“An indigent citizen charged with trespassing should not languish in jail before trial because he cannot afford to pay a bondsman to post a $500 cash bond on his behalf,” Porter said in a statement.
Across the region and the country, state legislators and prosecutors’ offices have made similar policy changes in the face of bipartisan complaints that cash bond punishes the poor simply for lacking funds. According to the National Conference of State Legislatures, two-thirds of people in local jails have not been convicted of a crime. Virginia Attorney General Mark R. Herring (D) said in October that the wide use of cash bail for nonviolent, low-risk defendants should be reconsidered.

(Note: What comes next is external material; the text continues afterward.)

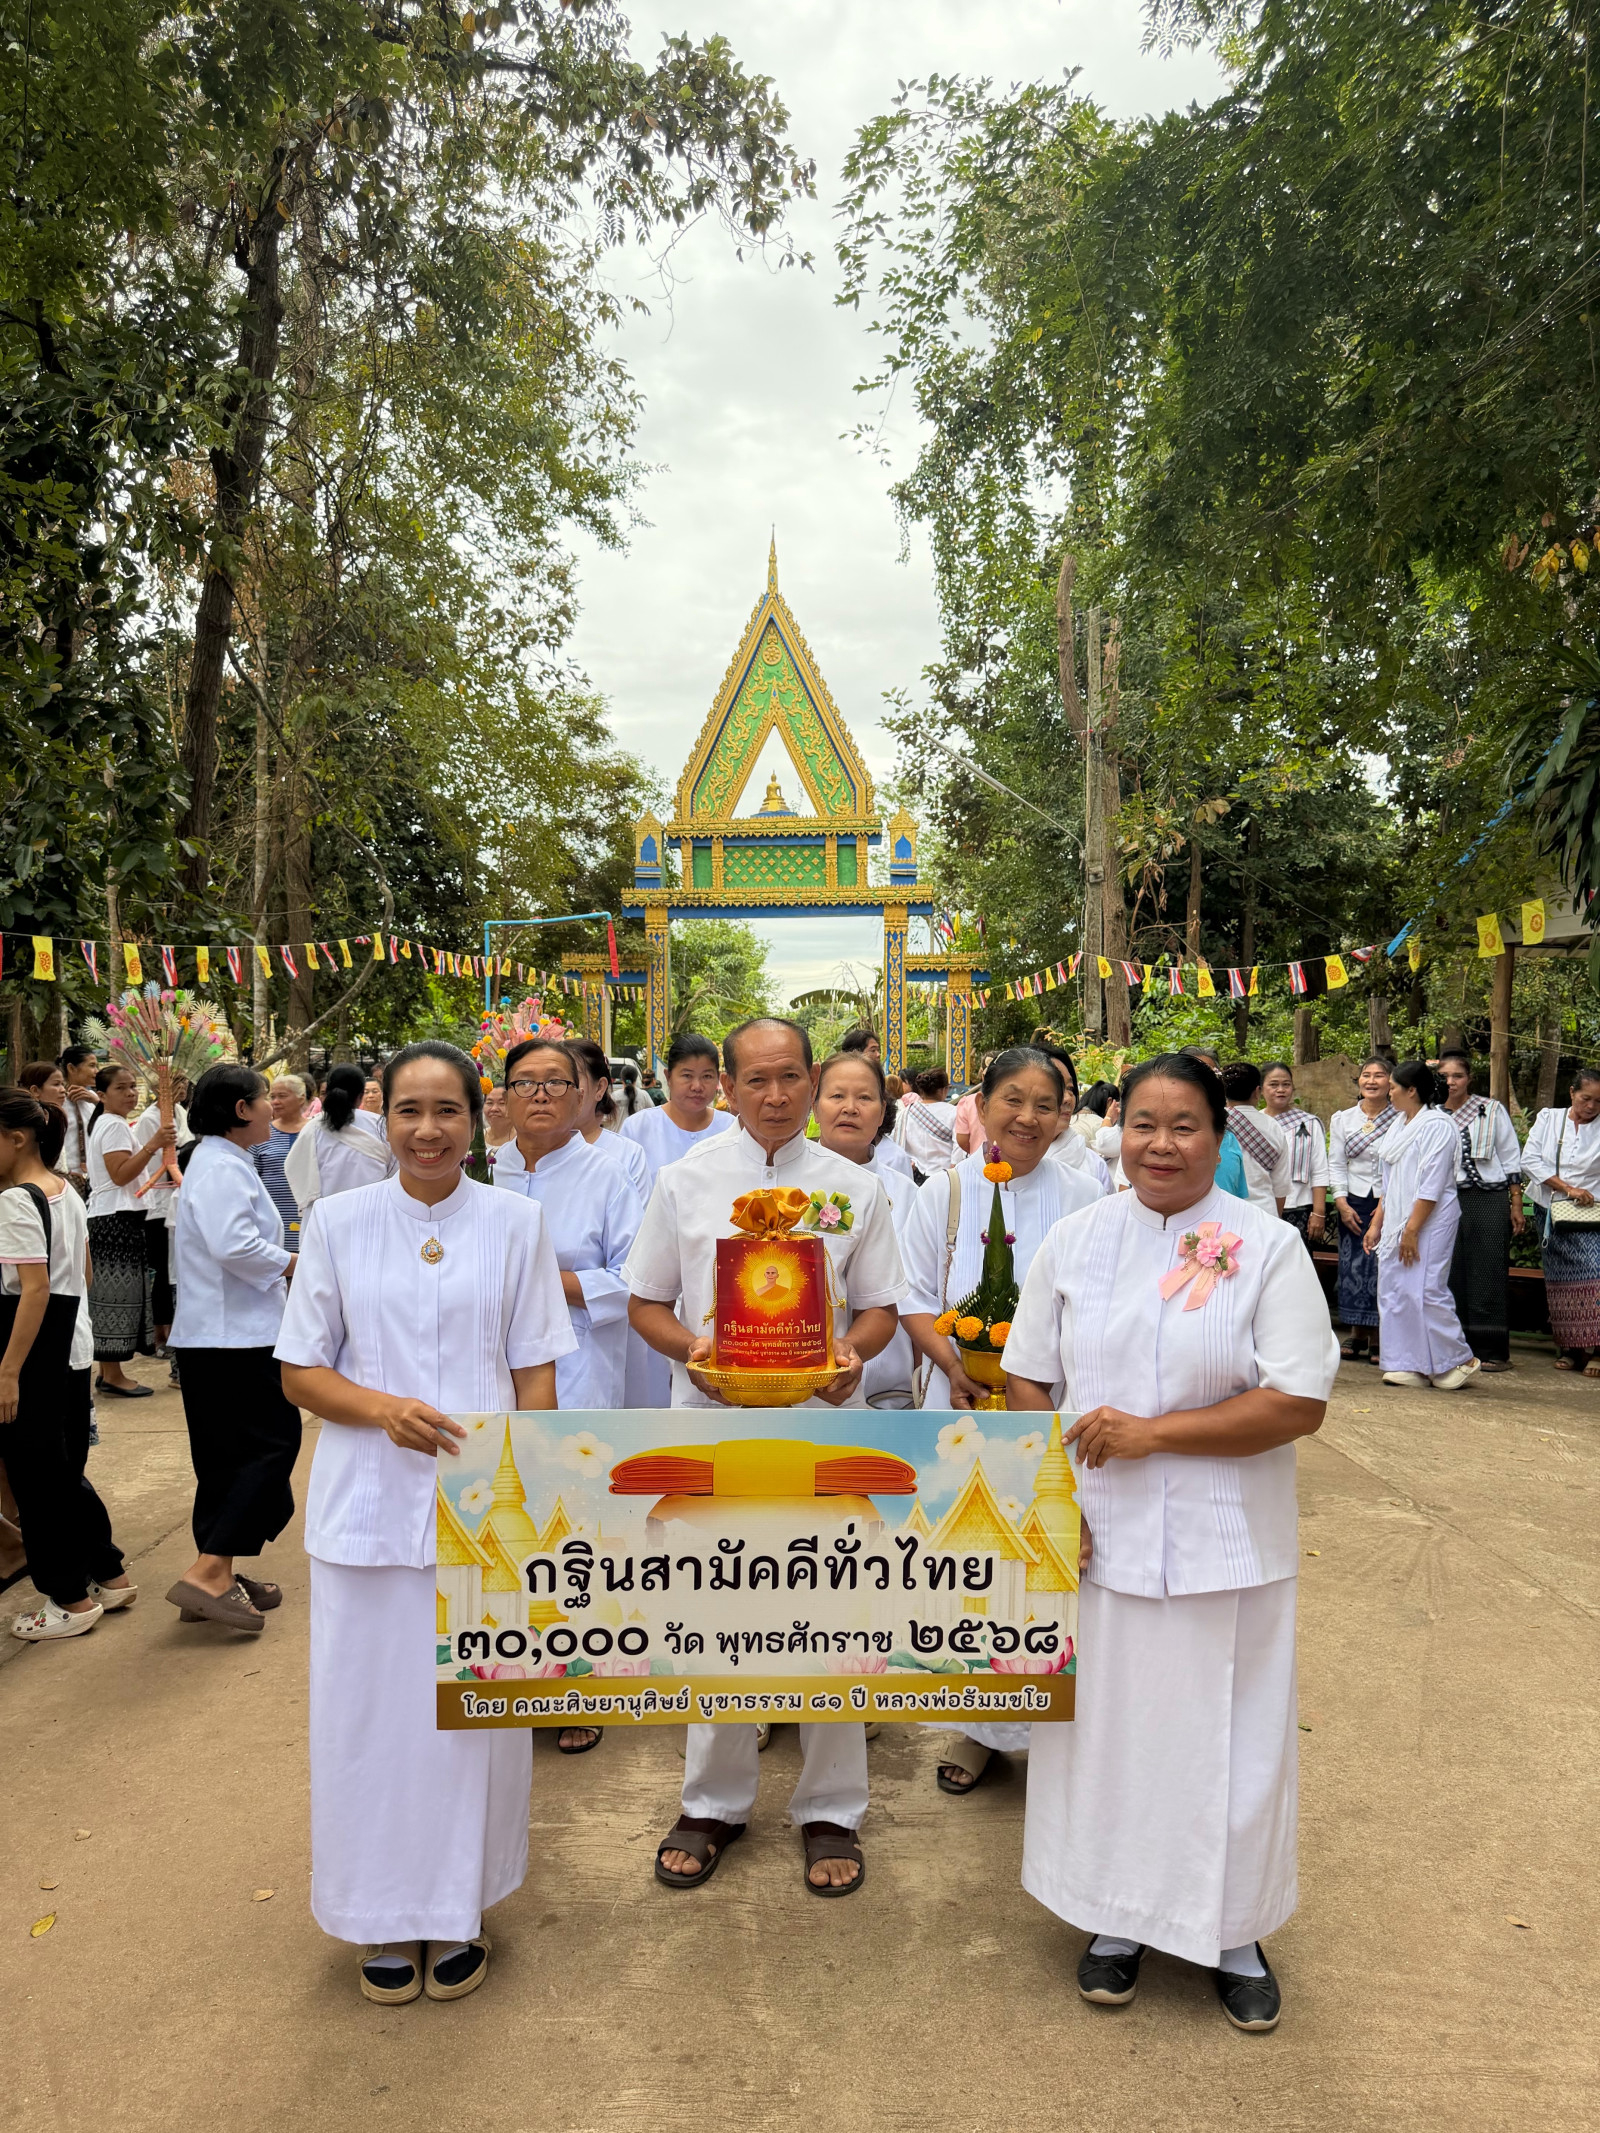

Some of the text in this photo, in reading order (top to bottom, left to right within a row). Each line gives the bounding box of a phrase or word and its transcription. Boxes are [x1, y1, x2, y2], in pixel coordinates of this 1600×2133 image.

Arlington Commonwealth’s Attorney Theo Stamos (D) took a more modest tack last fall, saying her office would no longer ask for cash bail for nonviolent misdemeanors unrelated to drug dealing or drunken driving. Public defenders dismissed the change as ineffective, and her challenger in this year’s Democratic primary would end cash bail entirely. One judge in Fairfax County has unilaterally stopped demanding cash bail for defendants not deemed a danger to the public or a flight risk.
Attempts to eliminate cash bail have met with mixed success. In Maryland, after Attorney General Brian E. Frosh (D) deemed cash bail unconstitutional, the state court of appeals told judges to impose the “least onerous” release conditions unless someone is considered dangerous or a flight risk. In Prince George’s County, a study found that while more people were released without bond after the ruling, judges began holding more people with no bail. In California, activists turned against last year’s elimination of cash bail, fearing similar problems.
Porter said that a state report on the issue is set to be published this spring and that he will consider changes after reviewing it.